[[ DATA FOR THIS EXERCISE open ]]

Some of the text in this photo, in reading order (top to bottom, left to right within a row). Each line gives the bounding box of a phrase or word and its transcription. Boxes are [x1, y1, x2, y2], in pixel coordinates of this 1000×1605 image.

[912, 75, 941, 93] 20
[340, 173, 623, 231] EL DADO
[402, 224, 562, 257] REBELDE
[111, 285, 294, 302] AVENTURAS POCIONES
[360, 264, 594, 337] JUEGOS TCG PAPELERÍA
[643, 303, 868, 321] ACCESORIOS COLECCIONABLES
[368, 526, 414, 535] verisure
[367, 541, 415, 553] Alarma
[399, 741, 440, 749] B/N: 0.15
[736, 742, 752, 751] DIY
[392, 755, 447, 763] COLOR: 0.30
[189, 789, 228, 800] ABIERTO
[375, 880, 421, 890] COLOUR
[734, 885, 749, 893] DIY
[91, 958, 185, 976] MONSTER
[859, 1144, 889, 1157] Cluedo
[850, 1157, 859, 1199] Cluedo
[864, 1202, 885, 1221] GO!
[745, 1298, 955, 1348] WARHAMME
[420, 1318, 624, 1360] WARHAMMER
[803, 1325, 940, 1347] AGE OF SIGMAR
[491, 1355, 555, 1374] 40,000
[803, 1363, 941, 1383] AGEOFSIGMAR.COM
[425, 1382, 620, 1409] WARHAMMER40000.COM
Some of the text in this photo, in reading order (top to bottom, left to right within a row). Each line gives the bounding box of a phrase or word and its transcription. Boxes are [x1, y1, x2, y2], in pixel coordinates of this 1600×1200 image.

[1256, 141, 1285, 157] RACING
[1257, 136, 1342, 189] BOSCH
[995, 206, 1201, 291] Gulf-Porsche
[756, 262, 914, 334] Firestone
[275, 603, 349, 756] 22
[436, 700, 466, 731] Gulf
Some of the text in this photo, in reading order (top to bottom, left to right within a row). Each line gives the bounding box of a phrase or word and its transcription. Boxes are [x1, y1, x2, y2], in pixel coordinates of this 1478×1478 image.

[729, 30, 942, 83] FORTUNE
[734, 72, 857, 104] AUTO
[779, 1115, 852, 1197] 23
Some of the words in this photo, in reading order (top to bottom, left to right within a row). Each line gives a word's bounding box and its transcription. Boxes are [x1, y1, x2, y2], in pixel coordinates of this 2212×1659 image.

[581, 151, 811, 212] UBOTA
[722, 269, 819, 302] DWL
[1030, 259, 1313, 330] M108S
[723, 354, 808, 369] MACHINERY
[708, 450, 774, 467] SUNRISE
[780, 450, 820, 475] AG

[[ DATA FOR THIS EXERCISE closed ]]

WHAT THIS TASK INVOLVES -> A verbatim copy of all the entries is the expected result.

SOLUTION BELOW ->
Some of the text in this photo, in reading order (top to bottom, left to right within a row). Each line gives the bounding box of a phrase or word and its transcription. Boxes are [x1, y1, x2, y2], in pixel coordinates of this 1000×1605 image.

[912, 75, 941, 93] 20
[340, 173, 623, 231] EL DADO
[402, 224, 562, 257] REBELDE
[111, 285, 294, 302] AVENTURAS POCIONES
[360, 264, 594, 337] JUEGOS TCG PAPELERÍA
[643, 303, 868, 321] ACCESORIOS COLECCIONABLES
[368, 526, 414, 535] verisure
[367, 541, 415, 553] Alarma
[399, 741, 440, 749] B/N: 0.15
[736, 742, 752, 751] DIY
[392, 755, 447, 763] COLOR: 0.30
[189, 789, 228, 800] ABIERTO
[375, 880, 421, 890] COLOUR
[734, 885, 749, 893] DIY
[91, 958, 185, 976] MONSTER
[859, 1144, 889, 1157] Cluedo
[850, 1157, 859, 1199] Cluedo
[864, 1202, 885, 1221] GO!
[745, 1298, 955, 1348] WARHAMME
[420, 1318, 624, 1360] WARHAMMER
[803, 1325, 940, 1347] AGE OF SIGMAR
[491, 1355, 555, 1374] 40,000
[803, 1363, 941, 1383] AGEOFSIGMAR.COM
[425, 1382, 620, 1409] WARHAMMER40000.COM
Some of the text in this photo, in reading order (top to bottom, left to right within a row). Each line gives the bounding box of a phrase or word and its transcription. Boxes are [x1, y1, x2, y2], in pixel coordinates of this 1600×1200 image.

[1256, 141, 1285, 157] RACING
[1257, 136, 1342, 189] BOSCH
[995, 206, 1201, 291] Gulf-Porsche
[756, 262, 914, 334] Firestone
[275, 603, 349, 756] 22
[436, 700, 466, 731] Gulf
Some of the text in this photo, in reading order (top to bottom, left to right within a row). Each line gives the bounding box of a phrase or word and its transcription. Boxes are [x1, y1, x2, y2], in pixel coordinates of this 1478×1478 image.

[729, 30, 942, 83] FORTUNE
[734, 72, 857, 104] AUTO
[779, 1115, 852, 1197] 23
Some of the words in this photo, in reading order (top to bottom, left to right within a row). Each line gives a word's bounding box and its transcription. Boxes are [x1, y1, x2, y2], in pixel coordinates of this 2212×1659 image.

[581, 151, 811, 212] UBOTA
[722, 269, 819, 302] DWL
[1030, 259, 1313, 330] M108S
[723, 354, 808, 369] MACHINERY
[708, 450, 774, 467] SUNRISE
[780, 450, 820, 475] AG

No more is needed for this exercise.